Hard
to believe, ladies and gentlemen—but true. Wisecracking,
smart aleck, sarcastic David Letterman has a heart—and a good one,
too. In fact, according to the cardiologist who performed quadruple
bypass surgery on Letterman last month, it's "the heart muscle of
a twenty-year-old."
Good
thing, too. An angiogram found an irregularity in Dave's heartbeat
on January 14. More tests revealed he had a clogged artery, too. Now,
none of this would have made headlines back in the Home Office had
Dave's dad not died of a heart attack at age 57, a major hereditary
"red flag" that's prompted 52-year-old Letterman to be on his toes,
health-wise—literally. He runs, eats a mainly vegetarian, low-fat
diet and doesn't smoke.
How
could someone who's the absolute picture of health end up with a heart
problem? Well, it might have been Mom's fried bologna sandwiches,
or the chipped beef she served up on Tater Tots. But, astrologically
speaking, it may also be the fact that Dave has both the Sun and Mars
in Aries. This stress-hungry, adrenaline-craving sign is the personal
property of the planet Mars, who rules the muscles in the human body—and,
of course, the heart is at the top of the list. Put both the fiery
Sun and the red planet himself in this action-oriented sign, and there's
no time to waste—no matter what's on the agenda.
Aries
Motto: Take Action Now
So
let's say you've got those two planetary fireballs in Aries, and you've
got a potentially fatal heart condition, too. What do you do about
it? Well, you do what comes naturally—you take action. You immediately
schedule yourself for surgery. Not next month, next Tuesday, or even
tomorrow morning. You set up the operation for that very day.
Impulsive?
You bet. But there's really no other way for anyone with all that
energy in Aries to handle things. This is the sign that's as hot,
fast and spontaneous as a bullet, braver and more daring than any
other. When there's a battle to be fought—whether the enemy is someone
else, or your own body's weakness—Aries rushes in. They're the front-line
warriors, the guys who stormed the castles back in Arthur's day. Let's
get the show on the road. Now.
What
is He, Psychic?
Now,
astrologers don't usually plan much of anything without the aid of
the planets. In fact, we often reach faster for our chart software
than our calendars, no matter what we're setting up. As such, it astounds
us that folks actually get married, climb aboard planes and vote for
president without consulting astrology first.
Amazingly
enough, however, if any one of us had been asked by Dave to set up
a surgery date, we'd probably have made the same choice he did, because
there were some favorable astrological factors in place. So how'd
he "know" that the time was right? Or was he just acting
on that Aries impulse thing?
Well,
Dave was also born with cerebral Mercury in the sign of Pisces, which
is classically known to be quite "psychic." Pisces planets run on
intuition rather than facts. They "feel" their way around a situation,
adjust their antennae, and make a decision. So it makes sense that
this fast-acting Aries with his Mercury in Pisces would act quickly
on his "gut" feelings—and that he really couldn't have chosen a better
day to do it.
Jupiter,
the King of Optimism, and the "Mood" of the Moon
It
seems that on the morning Dave made his rapid-fire reservation for
the OR, the Moon was in Aries. Take a sign that impulsive and push
a planet as emotional and intuitive as the Moon through it, and you've
certainly got the potential for snap decisions. But that's not all.

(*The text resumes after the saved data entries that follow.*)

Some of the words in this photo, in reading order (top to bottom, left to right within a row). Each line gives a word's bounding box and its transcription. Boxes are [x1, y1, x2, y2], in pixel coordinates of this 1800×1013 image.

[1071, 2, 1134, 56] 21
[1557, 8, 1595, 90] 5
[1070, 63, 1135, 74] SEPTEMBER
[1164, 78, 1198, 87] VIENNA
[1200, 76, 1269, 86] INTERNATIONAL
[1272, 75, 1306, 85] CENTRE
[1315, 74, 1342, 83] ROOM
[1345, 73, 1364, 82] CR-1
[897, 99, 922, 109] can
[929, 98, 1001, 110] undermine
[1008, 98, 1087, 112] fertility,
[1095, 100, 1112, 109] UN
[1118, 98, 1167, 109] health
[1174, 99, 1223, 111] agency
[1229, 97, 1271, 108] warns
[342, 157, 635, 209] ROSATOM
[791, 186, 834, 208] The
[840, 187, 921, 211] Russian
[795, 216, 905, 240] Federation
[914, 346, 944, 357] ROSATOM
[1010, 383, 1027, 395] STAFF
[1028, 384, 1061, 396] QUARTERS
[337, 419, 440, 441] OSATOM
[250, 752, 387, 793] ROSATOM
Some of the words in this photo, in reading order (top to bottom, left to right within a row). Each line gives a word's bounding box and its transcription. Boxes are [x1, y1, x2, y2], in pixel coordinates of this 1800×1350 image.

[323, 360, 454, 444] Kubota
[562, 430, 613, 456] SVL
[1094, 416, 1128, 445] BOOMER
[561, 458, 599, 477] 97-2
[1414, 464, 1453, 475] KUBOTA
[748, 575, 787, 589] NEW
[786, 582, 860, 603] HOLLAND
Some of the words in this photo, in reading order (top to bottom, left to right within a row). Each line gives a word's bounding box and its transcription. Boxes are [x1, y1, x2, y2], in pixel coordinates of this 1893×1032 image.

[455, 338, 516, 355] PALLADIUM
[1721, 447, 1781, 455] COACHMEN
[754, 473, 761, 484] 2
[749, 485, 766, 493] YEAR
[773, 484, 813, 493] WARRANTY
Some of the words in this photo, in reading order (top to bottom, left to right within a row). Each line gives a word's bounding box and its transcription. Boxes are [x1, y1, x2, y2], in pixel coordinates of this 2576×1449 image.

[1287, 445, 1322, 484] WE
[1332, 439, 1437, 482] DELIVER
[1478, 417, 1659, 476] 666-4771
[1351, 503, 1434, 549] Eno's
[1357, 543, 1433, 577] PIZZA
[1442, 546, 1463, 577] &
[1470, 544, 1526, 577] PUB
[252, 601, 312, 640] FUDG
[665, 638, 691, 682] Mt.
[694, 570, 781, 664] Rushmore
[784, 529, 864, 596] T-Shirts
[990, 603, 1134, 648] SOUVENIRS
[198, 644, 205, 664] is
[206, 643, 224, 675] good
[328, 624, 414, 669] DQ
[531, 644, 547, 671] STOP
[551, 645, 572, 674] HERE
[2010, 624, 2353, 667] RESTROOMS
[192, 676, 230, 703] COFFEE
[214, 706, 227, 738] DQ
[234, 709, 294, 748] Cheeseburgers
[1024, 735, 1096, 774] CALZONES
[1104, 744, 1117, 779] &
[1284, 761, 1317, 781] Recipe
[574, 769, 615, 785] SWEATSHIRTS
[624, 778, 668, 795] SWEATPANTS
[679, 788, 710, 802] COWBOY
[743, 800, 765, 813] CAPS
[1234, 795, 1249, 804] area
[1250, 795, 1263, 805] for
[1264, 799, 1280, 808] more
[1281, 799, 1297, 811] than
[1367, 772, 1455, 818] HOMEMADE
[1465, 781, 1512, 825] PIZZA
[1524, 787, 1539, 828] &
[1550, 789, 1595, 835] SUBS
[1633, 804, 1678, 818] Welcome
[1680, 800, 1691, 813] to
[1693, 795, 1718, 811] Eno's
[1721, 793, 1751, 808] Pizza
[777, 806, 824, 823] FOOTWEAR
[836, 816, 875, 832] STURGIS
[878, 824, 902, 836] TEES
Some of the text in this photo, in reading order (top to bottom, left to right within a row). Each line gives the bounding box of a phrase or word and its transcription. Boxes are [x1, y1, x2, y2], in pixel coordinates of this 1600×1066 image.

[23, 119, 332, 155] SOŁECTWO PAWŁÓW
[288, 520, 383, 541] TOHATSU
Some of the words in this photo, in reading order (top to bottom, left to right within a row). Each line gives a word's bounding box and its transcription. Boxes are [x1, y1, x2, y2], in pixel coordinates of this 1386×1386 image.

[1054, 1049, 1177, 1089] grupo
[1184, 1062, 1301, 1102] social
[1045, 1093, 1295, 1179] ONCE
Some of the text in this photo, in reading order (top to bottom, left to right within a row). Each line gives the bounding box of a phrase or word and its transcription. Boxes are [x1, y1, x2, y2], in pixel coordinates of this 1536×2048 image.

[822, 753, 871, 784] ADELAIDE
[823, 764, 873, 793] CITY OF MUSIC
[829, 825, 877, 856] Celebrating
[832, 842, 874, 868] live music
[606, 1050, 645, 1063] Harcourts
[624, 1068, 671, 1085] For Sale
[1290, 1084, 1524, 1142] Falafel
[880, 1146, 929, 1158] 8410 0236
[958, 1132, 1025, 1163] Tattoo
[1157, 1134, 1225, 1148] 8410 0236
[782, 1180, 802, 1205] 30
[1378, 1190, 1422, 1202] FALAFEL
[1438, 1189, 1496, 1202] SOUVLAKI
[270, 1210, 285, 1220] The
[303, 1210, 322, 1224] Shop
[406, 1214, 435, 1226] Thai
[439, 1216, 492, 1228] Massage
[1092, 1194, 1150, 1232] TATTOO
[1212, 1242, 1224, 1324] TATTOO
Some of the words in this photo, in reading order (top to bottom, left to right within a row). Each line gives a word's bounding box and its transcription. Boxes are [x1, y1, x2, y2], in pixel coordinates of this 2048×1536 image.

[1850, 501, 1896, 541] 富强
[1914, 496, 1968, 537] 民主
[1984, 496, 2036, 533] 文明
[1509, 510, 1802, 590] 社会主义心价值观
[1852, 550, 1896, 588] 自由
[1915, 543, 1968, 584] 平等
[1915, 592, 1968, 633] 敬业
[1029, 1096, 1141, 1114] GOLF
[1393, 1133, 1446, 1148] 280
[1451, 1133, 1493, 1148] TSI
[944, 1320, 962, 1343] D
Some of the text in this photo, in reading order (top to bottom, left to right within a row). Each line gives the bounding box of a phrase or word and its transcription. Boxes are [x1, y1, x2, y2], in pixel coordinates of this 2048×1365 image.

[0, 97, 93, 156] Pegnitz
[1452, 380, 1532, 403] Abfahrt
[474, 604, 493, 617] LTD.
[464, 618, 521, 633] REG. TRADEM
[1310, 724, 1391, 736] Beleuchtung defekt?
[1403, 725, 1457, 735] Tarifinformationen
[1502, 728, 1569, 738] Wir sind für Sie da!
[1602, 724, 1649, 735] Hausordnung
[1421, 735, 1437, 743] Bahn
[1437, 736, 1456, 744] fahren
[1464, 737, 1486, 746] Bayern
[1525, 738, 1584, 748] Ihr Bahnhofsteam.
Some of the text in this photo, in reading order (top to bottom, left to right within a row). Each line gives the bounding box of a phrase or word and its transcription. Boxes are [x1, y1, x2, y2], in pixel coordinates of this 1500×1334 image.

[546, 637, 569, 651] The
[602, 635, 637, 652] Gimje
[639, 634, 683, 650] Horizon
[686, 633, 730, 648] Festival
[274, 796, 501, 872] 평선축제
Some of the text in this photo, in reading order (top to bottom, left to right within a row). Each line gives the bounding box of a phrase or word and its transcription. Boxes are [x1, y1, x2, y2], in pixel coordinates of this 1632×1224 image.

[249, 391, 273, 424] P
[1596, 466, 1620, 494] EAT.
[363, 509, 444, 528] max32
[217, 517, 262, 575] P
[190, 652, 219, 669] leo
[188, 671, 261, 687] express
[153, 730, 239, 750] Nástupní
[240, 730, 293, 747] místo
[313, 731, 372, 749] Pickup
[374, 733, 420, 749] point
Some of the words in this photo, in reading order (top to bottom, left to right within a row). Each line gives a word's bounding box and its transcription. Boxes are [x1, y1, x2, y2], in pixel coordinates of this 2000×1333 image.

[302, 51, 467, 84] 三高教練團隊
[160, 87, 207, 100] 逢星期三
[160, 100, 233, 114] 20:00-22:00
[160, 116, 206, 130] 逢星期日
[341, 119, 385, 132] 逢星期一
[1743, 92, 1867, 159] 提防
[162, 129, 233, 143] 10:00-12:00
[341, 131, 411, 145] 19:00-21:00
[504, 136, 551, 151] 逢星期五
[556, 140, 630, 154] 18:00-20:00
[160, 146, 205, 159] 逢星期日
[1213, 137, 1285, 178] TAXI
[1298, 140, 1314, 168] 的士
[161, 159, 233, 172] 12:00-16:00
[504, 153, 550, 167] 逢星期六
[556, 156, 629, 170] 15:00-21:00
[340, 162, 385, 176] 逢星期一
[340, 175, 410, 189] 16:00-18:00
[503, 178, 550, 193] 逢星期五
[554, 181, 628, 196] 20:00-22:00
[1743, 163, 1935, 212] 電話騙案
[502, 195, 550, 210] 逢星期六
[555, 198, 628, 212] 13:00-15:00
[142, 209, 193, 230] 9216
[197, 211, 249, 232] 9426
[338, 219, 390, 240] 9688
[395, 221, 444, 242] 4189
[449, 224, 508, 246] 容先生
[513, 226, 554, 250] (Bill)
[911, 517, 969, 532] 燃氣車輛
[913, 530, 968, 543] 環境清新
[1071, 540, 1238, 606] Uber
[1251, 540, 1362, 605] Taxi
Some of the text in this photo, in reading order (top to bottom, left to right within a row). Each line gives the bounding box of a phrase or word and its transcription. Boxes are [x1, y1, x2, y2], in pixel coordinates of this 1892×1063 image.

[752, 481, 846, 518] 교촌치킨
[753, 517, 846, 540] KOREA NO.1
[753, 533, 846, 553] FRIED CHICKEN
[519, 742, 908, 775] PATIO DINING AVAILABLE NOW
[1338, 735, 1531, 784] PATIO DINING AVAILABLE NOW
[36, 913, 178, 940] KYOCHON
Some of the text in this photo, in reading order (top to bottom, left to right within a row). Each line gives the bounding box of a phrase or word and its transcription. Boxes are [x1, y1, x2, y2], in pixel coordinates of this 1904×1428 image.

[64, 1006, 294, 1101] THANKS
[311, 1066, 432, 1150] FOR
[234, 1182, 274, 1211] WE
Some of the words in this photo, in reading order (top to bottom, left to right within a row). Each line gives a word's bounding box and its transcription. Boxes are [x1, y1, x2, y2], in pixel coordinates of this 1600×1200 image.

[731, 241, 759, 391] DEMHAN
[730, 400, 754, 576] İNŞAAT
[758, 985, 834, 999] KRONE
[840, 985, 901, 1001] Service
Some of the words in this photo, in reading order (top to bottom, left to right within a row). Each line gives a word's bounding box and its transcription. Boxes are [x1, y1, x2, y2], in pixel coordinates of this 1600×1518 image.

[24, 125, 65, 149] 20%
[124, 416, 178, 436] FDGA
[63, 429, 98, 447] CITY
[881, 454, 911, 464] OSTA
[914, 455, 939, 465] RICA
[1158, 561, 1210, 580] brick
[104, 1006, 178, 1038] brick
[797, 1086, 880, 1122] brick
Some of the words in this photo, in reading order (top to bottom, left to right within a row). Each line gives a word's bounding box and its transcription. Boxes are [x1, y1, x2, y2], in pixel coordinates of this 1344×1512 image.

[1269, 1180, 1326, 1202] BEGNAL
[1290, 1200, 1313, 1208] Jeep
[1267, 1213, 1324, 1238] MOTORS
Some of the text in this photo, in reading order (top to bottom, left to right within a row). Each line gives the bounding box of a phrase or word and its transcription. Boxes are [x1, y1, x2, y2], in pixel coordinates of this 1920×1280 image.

Right around the time Dave was weighing the facts of the matter, the
planet Jupiter was right next to the Moon. Since Jupiter functions
much like Santa Claus, his presence near the Moon suggests a "positive
ending" to an emotional decision—and so far, so good.
An
Astrological Prognosis…
So
what's the future look like for Dave? Well, you don't have to be an
astrologer to know that there's nothing like illness to make you popular
in the eyes of the public. Look what happened to Reagan's popularity
after he was shot, for example. So The Late Show is
already predestined to increase its ratings—no doubt about that. Astrologically
speaking, that plays out, too. Jupiter, old Santa Claus himself, is
sidling up to Dave's Saturn, the planet we examine for career indicators.
Physically,
Dave looks like he's sounder than ever, too. He's just come through
a major period of sudden change and major physical renovation—and
both Uranus and Pluto, the planets who respectively rule those conditions,
are on his side.
The
downside? There really isn't one, astrologically. Still, if I were
Dave, I'd be watching my back for the return of all the "victims"—um,
I mean "guests"—he's mercilessly turned his warrior energies on over
the years. You know what they say about payback, Dave. It's on the
Top Ten List of things that are hard to swallow.